[Required work]:
Would you print the whole listing again, exactly?

-- Input data follows --

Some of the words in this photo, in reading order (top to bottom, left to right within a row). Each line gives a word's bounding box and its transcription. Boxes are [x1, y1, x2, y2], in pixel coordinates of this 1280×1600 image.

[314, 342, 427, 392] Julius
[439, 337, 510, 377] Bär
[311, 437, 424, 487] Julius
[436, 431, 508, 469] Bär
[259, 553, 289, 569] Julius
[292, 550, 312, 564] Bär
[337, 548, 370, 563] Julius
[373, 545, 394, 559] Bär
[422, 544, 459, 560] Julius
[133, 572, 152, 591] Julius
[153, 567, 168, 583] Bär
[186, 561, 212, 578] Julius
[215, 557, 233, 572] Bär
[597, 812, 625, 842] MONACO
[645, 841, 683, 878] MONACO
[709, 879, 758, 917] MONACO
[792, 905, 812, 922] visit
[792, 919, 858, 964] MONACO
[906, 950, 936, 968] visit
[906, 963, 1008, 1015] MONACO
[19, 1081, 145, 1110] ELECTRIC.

-- Input data concluded --

[Solution to the problem]:
Some of the words in this photo, in reading order (top to bottom, left to right within a row). Each line gives a word's bounding box and its transcription. Boxes are [x1, y1, x2, y2], in pixel coordinates of this 1280×1600 image.

[314, 342, 427, 392] Julius
[439, 337, 510, 377] Bär
[311, 437, 424, 487] Julius
[436, 431, 508, 469] Bär
[259, 553, 289, 569] Julius
[292, 550, 312, 564] Bär
[337, 548, 370, 563] Julius
[373, 545, 394, 559] Bär
[422, 544, 459, 560] Julius
[133, 572, 152, 591] Julius
[153, 567, 168, 583] Bär
[186, 561, 212, 578] Julius
[215, 557, 233, 572] Bär
[597, 812, 625, 842] MONACO
[645, 841, 683, 878] MONACO
[709, 879, 758, 917] MONACO
[792, 905, 812, 922] visit
[792, 919, 858, 964] MONACO
[906, 950, 936, 968] visit
[906, 963, 1008, 1015] MONACO
[19, 1081, 145, 1110] ELECTRIC.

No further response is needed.